<<<<

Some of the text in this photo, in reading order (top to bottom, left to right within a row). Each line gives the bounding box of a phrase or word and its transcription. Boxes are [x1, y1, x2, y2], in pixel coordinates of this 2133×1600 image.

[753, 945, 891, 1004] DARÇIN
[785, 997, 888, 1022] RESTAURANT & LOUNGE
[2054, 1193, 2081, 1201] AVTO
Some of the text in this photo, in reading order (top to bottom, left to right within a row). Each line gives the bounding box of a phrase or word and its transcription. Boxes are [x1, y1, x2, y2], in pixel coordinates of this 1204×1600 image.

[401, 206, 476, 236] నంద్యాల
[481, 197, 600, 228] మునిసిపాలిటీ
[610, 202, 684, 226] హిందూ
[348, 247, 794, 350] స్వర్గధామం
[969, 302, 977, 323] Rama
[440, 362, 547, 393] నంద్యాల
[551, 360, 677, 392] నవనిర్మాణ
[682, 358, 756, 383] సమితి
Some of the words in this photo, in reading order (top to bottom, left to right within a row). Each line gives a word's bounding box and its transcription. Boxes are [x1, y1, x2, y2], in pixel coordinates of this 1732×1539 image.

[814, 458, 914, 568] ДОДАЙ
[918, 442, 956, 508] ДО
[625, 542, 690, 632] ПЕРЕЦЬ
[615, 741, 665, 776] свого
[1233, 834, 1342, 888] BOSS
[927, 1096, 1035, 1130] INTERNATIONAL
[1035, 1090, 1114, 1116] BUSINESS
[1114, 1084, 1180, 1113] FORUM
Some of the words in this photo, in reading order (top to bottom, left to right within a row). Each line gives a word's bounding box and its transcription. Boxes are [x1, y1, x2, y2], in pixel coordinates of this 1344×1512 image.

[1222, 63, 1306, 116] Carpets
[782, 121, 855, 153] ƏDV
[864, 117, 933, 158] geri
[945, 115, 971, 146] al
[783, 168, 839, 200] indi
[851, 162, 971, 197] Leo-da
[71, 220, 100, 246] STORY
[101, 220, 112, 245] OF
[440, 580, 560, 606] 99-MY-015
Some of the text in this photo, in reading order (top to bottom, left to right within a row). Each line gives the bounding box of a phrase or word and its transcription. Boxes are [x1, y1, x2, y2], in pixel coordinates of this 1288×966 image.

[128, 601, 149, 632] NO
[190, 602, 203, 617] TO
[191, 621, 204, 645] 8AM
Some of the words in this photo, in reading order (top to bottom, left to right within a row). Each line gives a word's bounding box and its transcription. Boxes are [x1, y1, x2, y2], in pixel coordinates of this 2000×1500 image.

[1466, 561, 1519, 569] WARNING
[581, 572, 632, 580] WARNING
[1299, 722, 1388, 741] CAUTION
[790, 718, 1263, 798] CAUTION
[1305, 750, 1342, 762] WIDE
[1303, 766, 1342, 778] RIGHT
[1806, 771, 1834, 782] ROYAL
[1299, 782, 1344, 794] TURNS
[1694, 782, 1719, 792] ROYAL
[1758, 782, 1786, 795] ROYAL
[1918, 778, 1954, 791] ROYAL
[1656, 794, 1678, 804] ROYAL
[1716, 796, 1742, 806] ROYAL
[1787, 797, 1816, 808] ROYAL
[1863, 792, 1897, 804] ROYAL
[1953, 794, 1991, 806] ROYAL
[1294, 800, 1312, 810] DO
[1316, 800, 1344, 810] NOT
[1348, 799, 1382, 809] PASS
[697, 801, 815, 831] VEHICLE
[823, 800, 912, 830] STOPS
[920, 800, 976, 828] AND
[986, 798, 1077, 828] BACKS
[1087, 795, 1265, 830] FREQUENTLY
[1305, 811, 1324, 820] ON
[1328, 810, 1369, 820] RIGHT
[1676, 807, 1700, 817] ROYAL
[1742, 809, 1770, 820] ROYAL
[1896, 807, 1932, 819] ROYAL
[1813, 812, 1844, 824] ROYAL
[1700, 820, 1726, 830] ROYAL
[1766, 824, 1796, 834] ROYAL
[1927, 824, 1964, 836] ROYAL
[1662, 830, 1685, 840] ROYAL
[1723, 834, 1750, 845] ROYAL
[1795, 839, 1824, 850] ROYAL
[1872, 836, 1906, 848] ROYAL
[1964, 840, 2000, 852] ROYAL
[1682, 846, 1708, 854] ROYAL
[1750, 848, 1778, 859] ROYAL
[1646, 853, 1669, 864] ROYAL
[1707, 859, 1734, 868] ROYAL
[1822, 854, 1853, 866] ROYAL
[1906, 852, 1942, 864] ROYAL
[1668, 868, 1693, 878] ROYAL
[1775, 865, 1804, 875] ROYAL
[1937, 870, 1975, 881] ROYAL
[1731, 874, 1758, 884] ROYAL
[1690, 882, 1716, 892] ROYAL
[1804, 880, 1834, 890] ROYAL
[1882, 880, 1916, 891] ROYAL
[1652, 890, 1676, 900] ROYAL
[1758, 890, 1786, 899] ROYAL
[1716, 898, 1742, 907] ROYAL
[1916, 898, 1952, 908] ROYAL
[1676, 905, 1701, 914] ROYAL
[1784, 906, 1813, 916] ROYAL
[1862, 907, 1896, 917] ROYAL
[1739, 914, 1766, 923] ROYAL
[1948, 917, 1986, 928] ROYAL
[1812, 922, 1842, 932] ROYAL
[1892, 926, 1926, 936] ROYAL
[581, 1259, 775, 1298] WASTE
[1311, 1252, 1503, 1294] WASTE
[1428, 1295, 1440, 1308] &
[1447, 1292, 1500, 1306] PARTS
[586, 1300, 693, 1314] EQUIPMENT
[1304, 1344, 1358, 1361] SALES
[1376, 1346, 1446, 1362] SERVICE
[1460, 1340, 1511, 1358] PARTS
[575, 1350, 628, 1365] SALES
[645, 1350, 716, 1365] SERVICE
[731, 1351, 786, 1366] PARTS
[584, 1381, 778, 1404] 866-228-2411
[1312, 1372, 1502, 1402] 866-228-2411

>>>>

▸ WHAT NEEDS TO BE DONE: Transcribe the data in full, matching every line exactly.

▸ SOLUTION TO THE PROBLEM:
Some of the text in this photo, in reading order (top to bottom, left to right within a row). Each line gives the bounding box of a phrase or word and its transcription. Boxes are [x1, y1, x2, y2], in pixel coordinates of this 2133×1600 image.

[753, 945, 891, 1004] DARÇIN
[785, 997, 888, 1022] RESTAURANT & LOUNGE
[2054, 1193, 2081, 1201] AVTO
Some of the text in this photo, in reading order (top to bottom, left to right within a row). Each line gives the bounding box of a phrase or word and its transcription. Boxes are [x1, y1, x2, y2], in pixel coordinates of this 1204×1600 image.

[401, 206, 476, 236] నంద్యాల
[481, 197, 600, 228] మునిసిపాలిటీ
[610, 202, 684, 226] హిందూ
[348, 247, 794, 350] స్వర్గధామం
[969, 302, 977, 323] Rama
[440, 362, 547, 393] నంద్యాల
[551, 360, 677, 392] నవనిర్మాణ
[682, 358, 756, 383] సమితి
Some of the words in this photo, in reading order (top to bottom, left to right within a row). Each line gives a word's bounding box and its transcription. Boxes are [x1, y1, x2, y2], in pixel coordinates of this 1732×1539 image.

[814, 458, 914, 568] ДОДАЙ
[918, 442, 956, 508] ДО
[625, 542, 690, 632] ПЕРЕЦЬ
[615, 741, 665, 776] свого
[1233, 834, 1342, 888] BOSS
[927, 1096, 1035, 1130] INTERNATIONAL
[1035, 1090, 1114, 1116] BUSINESS
[1114, 1084, 1180, 1113] FORUM
Some of the words in this photo, in reading order (top to bottom, left to right within a row). Each line gives a word's bounding box and its transcription. Boxes are [x1, y1, x2, y2], in pixel coordinates of this 1344×1512 image.

[1222, 63, 1306, 116] Carpets
[782, 121, 855, 153] ƏDV
[864, 117, 933, 158] geri
[945, 115, 971, 146] al
[783, 168, 839, 200] indi
[851, 162, 971, 197] Leo-da
[71, 220, 100, 246] STORY
[101, 220, 112, 245] OF
[440, 580, 560, 606] 99-MY-015
Some of the text in this photo, in reading order (top to bottom, left to right within a row). Each line gives the bounding box of a phrase or word and its transcription. Boxes are [x1, y1, x2, y2], in pixel coordinates of this 1288×966 image.

[128, 601, 149, 632] NO
[190, 602, 203, 617] TO
[191, 621, 204, 645] 8AM
Some of the words in this photo, in reading order (top to bottom, left to right within a row). Each line gives a word's bounding box and its transcription. Boxes are [x1, y1, x2, y2], in pixel coordinates of this 2000×1500 image.

[1466, 561, 1519, 569] WARNING
[581, 572, 632, 580] WARNING
[1299, 722, 1388, 741] CAUTION
[790, 718, 1263, 798] CAUTION
[1305, 750, 1342, 762] WIDE
[1303, 766, 1342, 778] RIGHT
[1806, 771, 1834, 782] ROYAL
[1299, 782, 1344, 794] TURNS
[1694, 782, 1719, 792] ROYAL
[1758, 782, 1786, 795] ROYAL
[1918, 778, 1954, 791] ROYAL
[1656, 794, 1678, 804] ROYAL
[1716, 796, 1742, 806] ROYAL
[1787, 797, 1816, 808] ROYAL
[1863, 792, 1897, 804] ROYAL
[1953, 794, 1991, 806] ROYAL
[1294, 800, 1312, 810] DO
[1316, 800, 1344, 810] NOT
[1348, 799, 1382, 809] PASS
[697, 801, 815, 831] VEHICLE
[823, 800, 912, 830] STOPS
[920, 800, 976, 828] AND
[986, 798, 1077, 828] BACKS
[1087, 795, 1265, 830] FREQUENTLY
[1305, 811, 1324, 820] ON
[1328, 810, 1369, 820] RIGHT
[1676, 807, 1700, 817] ROYAL
[1742, 809, 1770, 820] ROYAL
[1896, 807, 1932, 819] ROYAL
[1813, 812, 1844, 824] ROYAL
[1700, 820, 1726, 830] ROYAL
[1766, 824, 1796, 834] ROYAL
[1927, 824, 1964, 836] ROYAL
[1662, 830, 1685, 840] ROYAL
[1723, 834, 1750, 845] ROYAL
[1795, 839, 1824, 850] ROYAL
[1872, 836, 1906, 848] ROYAL
[1964, 840, 2000, 852] ROYAL
[1682, 846, 1708, 854] ROYAL
[1750, 848, 1778, 859] ROYAL
[1646, 853, 1669, 864] ROYAL
[1707, 859, 1734, 868] ROYAL
[1822, 854, 1853, 866] ROYAL
[1906, 852, 1942, 864] ROYAL
[1668, 868, 1693, 878] ROYAL
[1775, 865, 1804, 875] ROYAL
[1937, 870, 1975, 881] ROYAL
[1731, 874, 1758, 884] ROYAL
[1690, 882, 1716, 892] ROYAL
[1804, 880, 1834, 890] ROYAL
[1882, 880, 1916, 891] ROYAL
[1652, 890, 1676, 900] ROYAL
[1758, 890, 1786, 899] ROYAL
[1716, 898, 1742, 907] ROYAL
[1916, 898, 1952, 908] ROYAL
[1676, 905, 1701, 914] ROYAL
[1784, 906, 1813, 916] ROYAL
[1862, 907, 1896, 917] ROYAL
[1739, 914, 1766, 923] ROYAL
[1948, 917, 1986, 928] ROYAL
[1812, 922, 1842, 932] ROYAL
[1892, 926, 1926, 936] ROYAL
[581, 1259, 775, 1298] WASTE
[1311, 1252, 1503, 1294] WASTE
[1428, 1295, 1440, 1308] &
[1447, 1292, 1500, 1306] PARTS
[586, 1300, 693, 1314] EQUIPMENT
[1304, 1344, 1358, 1361] SALES
[1376, 1346, 1446, 1362] SERVICE
[1460, 1340, 1511, 1358] PARTS
[575, 1350, 628, 1365] SALES
[645, 1350, 716, 1365] SERVICE
[731, 1351, 786, 1366] PARTS
[584, 1381, 778, 1404] 866-228-2411
[1312, 1372, 1502, 1402] 866-228-2411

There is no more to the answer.